04 L’attribution des droits sur les données des créateurs est-elle une utopie ?
Les données des plateformes de médias en ligne (Facebook, Reddit, etc.) proviennent largement des contenus générés par les utilisateurs (UGC). Alors que nombre de ces plateformes facturent cher leur accès aux données aux entreprises d’IA, elles ajoutent discrètement à leurs conditions d’utilisation une clause stipulant que « la plateforme détient le droit d’utiliser les données des utilisateurs pour entraîner des modèles d’IA ».
Bien que les conditions d’utilisation mentionnent explicitement ce droit, de nombreux créateurs ignorent quelles œuvres produites ont été utilisées par quels modèles, s’il s’agit d’un usage payant ou non, et ne peuvent donc percevoir les retombées financières auxquelles ils auraient pu prétendre.
Lors de la conférence trimestrielle de Meta en février dernier, Mark Zuckerberg a clairement indiqué qu’il utiliserait les images provenant de Facebook et Instagram pour entraîner ses outils de génération d’IA.
Selon des rapports, Tumblr aurait également conclu secrètement des accords de licence avec OpenAI et Midjourney, sans toutefois révéler les détails précis de ces contrats.
Les créateurs de la plateforme de banque d’images EyeEm ont récemment reçu une notification les informant que leurs photos publiées seraient utilisées pour entraîner des modèles d’IA. Bien que les utilisateurs puissent choisir de ne plus utiliser le service en conséquence, aucune politique de compensation n’a encore été annoncée. La maison mère de EyeEm, Freepik, a confié à Reuters avoir signé des accords avec deux grandes entreprises technologiques, cédant la majorité de ses 200 millions d’images à environ trois cents par image. Le PDG Joaquin Cuenca Abela a indiqué que cinq transactions similaires étaient en cours, mais a refusé de divulguer l’identité des acheteurs.

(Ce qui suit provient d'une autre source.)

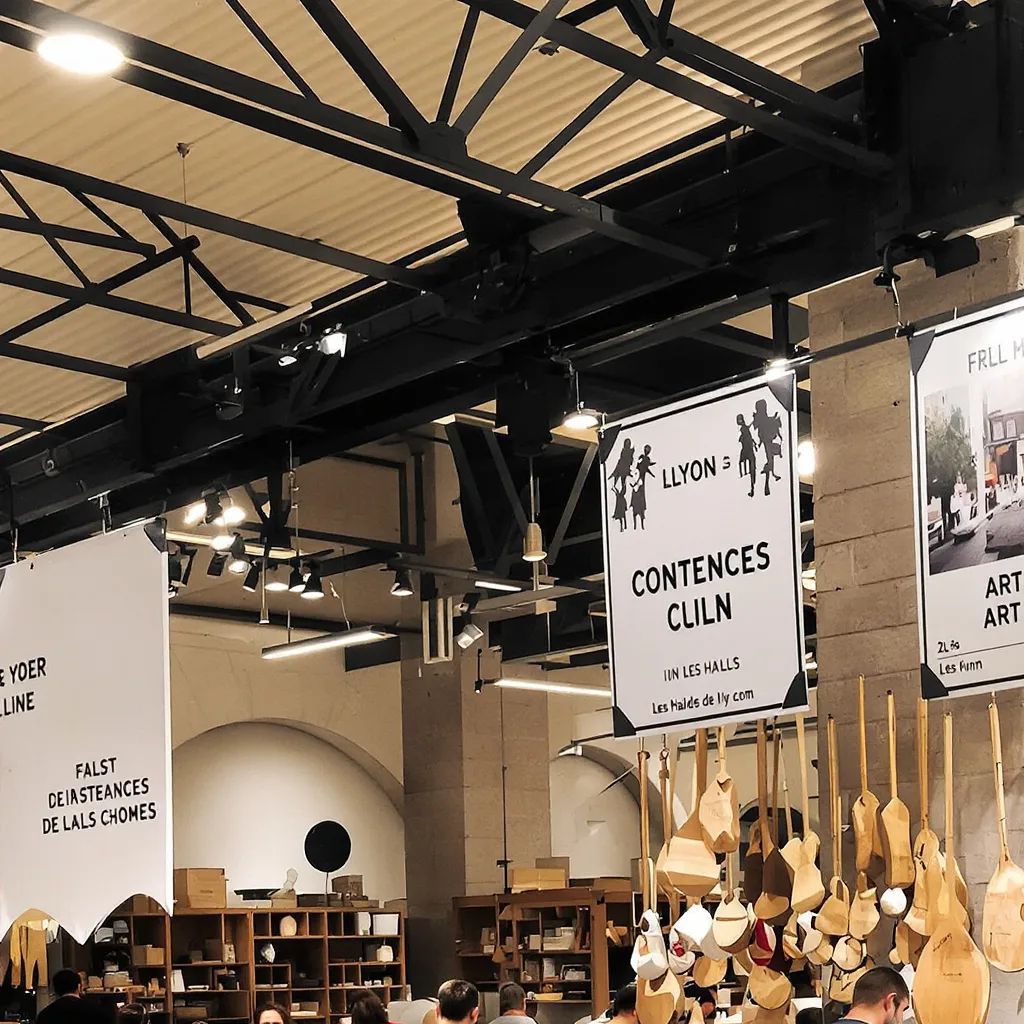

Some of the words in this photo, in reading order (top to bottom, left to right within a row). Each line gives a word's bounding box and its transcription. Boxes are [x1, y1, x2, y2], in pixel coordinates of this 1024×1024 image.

Des plateformes dominées par du contenu UGC comme Getty Images, Adobe, Photobucket, Flickr et Reddit font face à des problèmes similaires. Face à l’attrait considérable de la monétisation des données, ces plateformes choisissent d’ignorer la propriété intellectuelle des utilisateurs, regroupant et vendant massivement les données aux entreprises de modèles d’IA.
Tout ce processus se déroule dans l’ombre, et les créateurs n’ont aucune possibilité de résistance. Beaucoup d’entre eux ne découvriront peut-être qu’un jour lointain, en reconnaissant une œuvre semblable à la leur dans un modèle d’IA, que leurs créations ont été vendues par une plateforme à une entreprise d’IA sans leur consentement.
Pour résoudre les difficultés d’attribution des droits et de protection des revenus des créateurs, le Web3 pourrait offrir une solution intéressante. Alors que les entreprises d’IA atteignent des sommets boursiers sur le marché américain, les cryptomonnaies liées au concept d’IA dans l’écosystème Web3 connaissent également une envolée spectaculaire. Grâce à ses caractéristiques de décentralisation et d’immutabilité, la blockchain dispose d’un avantage naturel pour protéger les droits des créateurs.
Les contenus multimédias tels que les images et vidéos ont déjà connu une adoption massive sur la blockchain durant le boom de 2021. Désormais, l’enregistrement des contenus UGC issus des réseaux sociaux sur la blockchain se développe silencieusement. Par ailleurs, de nombreuses plateformes Web3 combinant IA récompensent déjà les utilisateurs ordinaires ayant contribué à l’entraînement des modèles, qu’ils soient propriétaires de données ou participants à l’entraînement.
Le développement exponentiel des modèles d’IA renforce davantage le besoin d’attribution des droits sur les données. Les créateurs doivent se poser les questions suivantes : pourquoi mes œuvres ont-elles été vendues à une entreprise d’IA à 5 cents pièce sans mon accord ? Pourquoi n’ai-je aucun contrôle sur ce processus, ni aucun bénéfice à en tirer ?
Les plateformes médias exploiteront leurs ressources jusqu’à épuisement sans réussir à apaiser l’anxiété des entreprises d’IA face à la pénurie de données. La condition préalable à une production abondante de données de haute qualité réside dans l’attribution claire des droits et dans une répartition équitable des intérêts entre les créateurs, les plateformes et les entreprises de modèles d’IA.